§ Problem description:
Return the entries below word for word. No picture belongs in the copy.

----

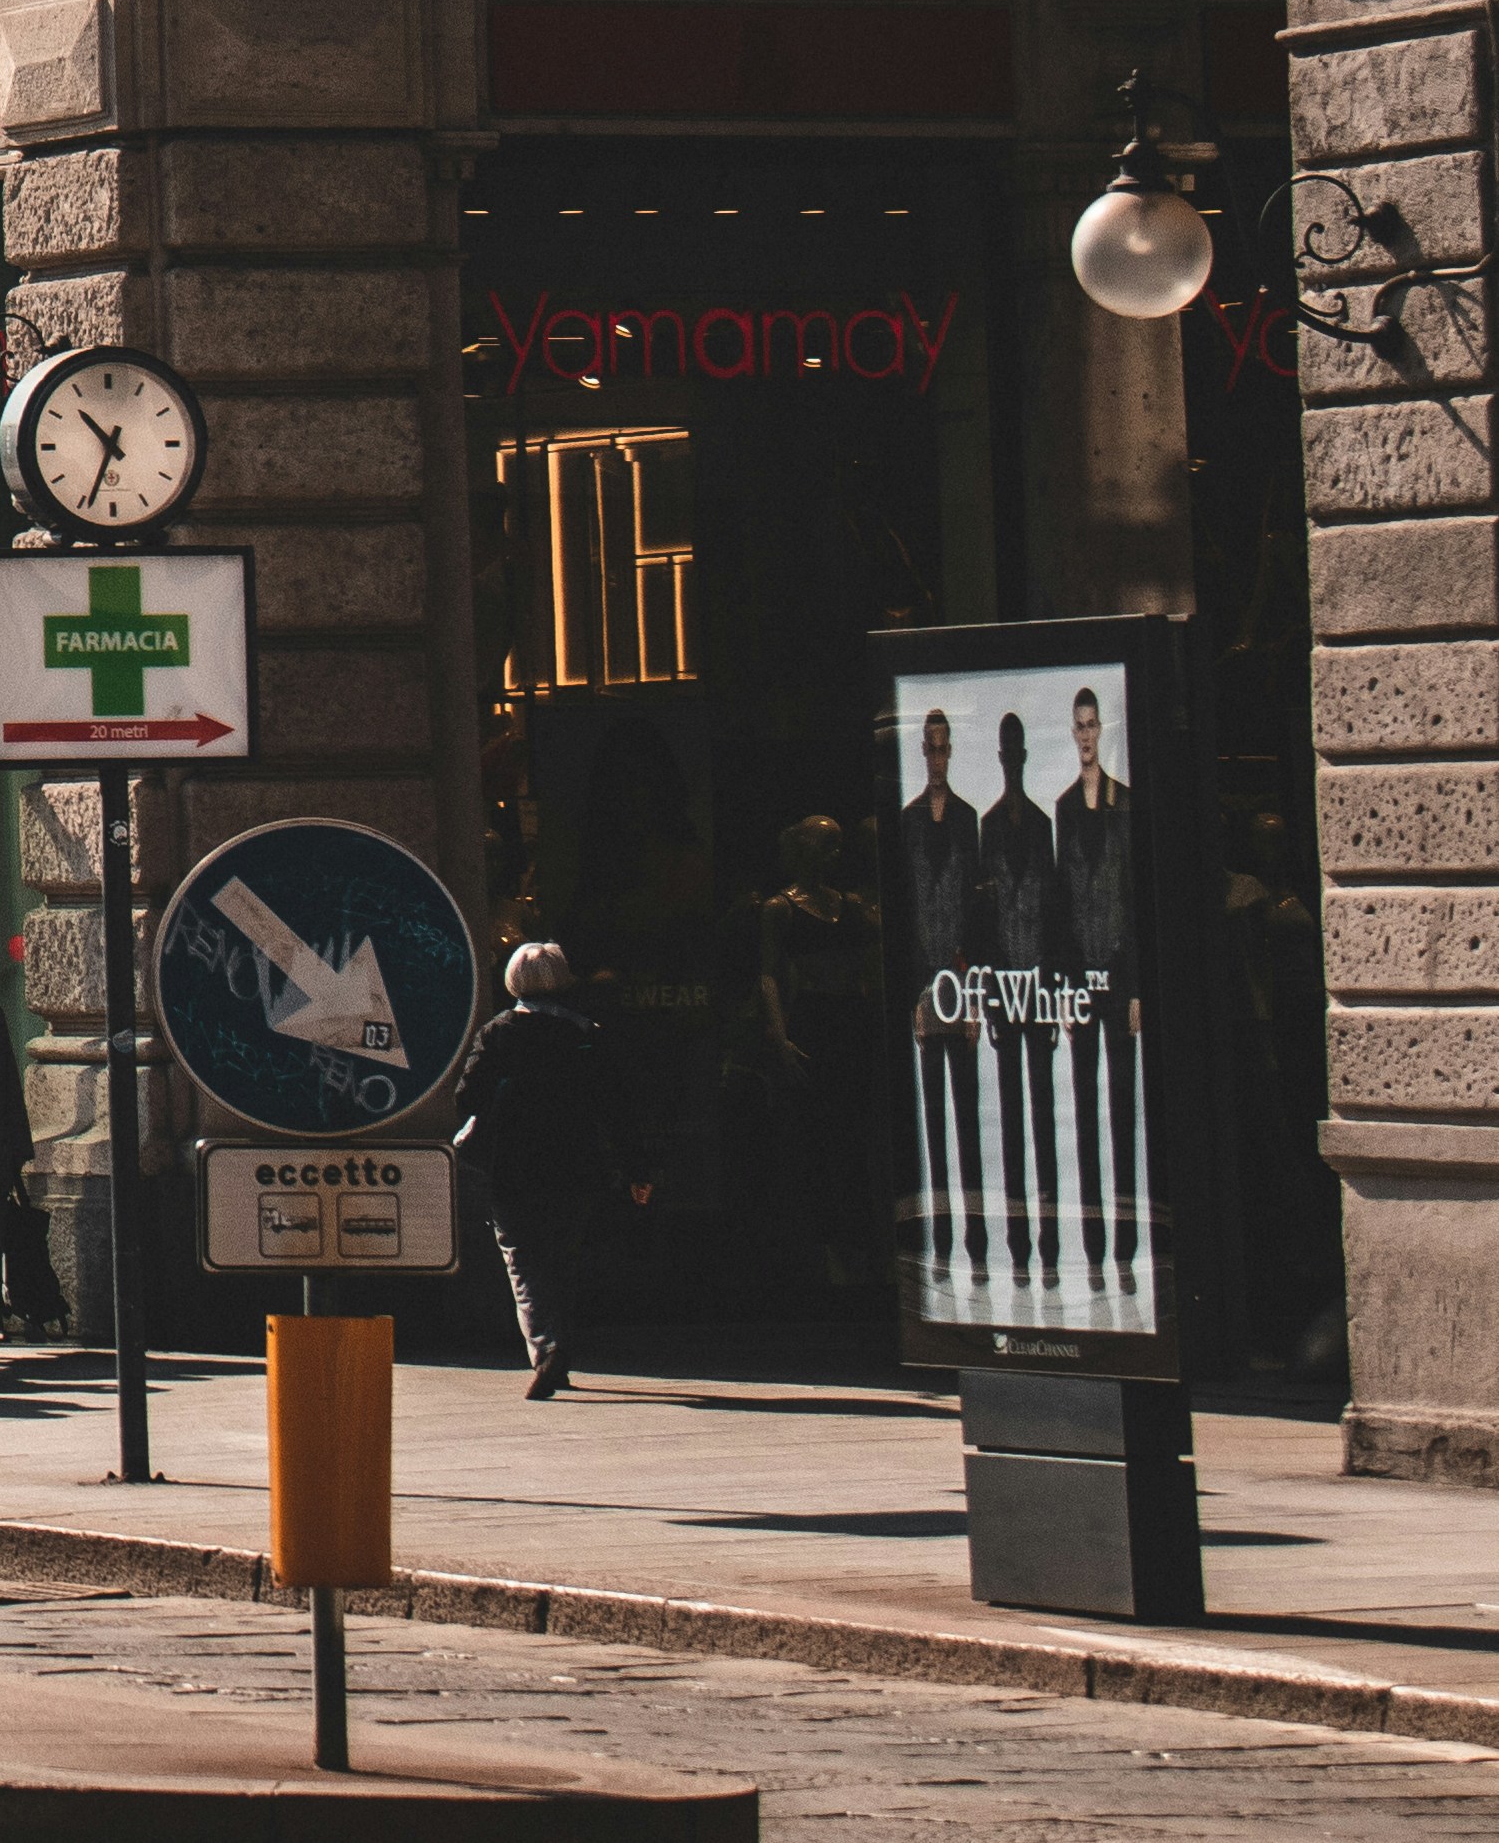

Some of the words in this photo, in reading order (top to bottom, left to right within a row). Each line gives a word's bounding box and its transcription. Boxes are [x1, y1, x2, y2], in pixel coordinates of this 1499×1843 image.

[487, 288, 960, 396] yamamay
[55, 631, 180, 653] FARMACIA
[89, 724, 107, 740] 20
[110, 723, 149, 740] metri
[365, 1024, 390, 1048] 03
[254, 1159, 403, 1187] eccetto

----

§ Solution for this task:
Some of the words in this photo, in reading order (top to bottom, left to right within a row). Each line gives a word's bounding box and its transcription. Boxes are [x1, y1, x2, y2], in pixel coordinates of this 1499×1843 image.

[487, 288, 960, 396] yamamay
[55, 631, 180, 653] FARMACIA
[89, 724, 107, 740] 20
[110, 723, 149, 740] metri
[365, 1024, 390, 1048] 03
[254, 1159, 403, 1187] eccetto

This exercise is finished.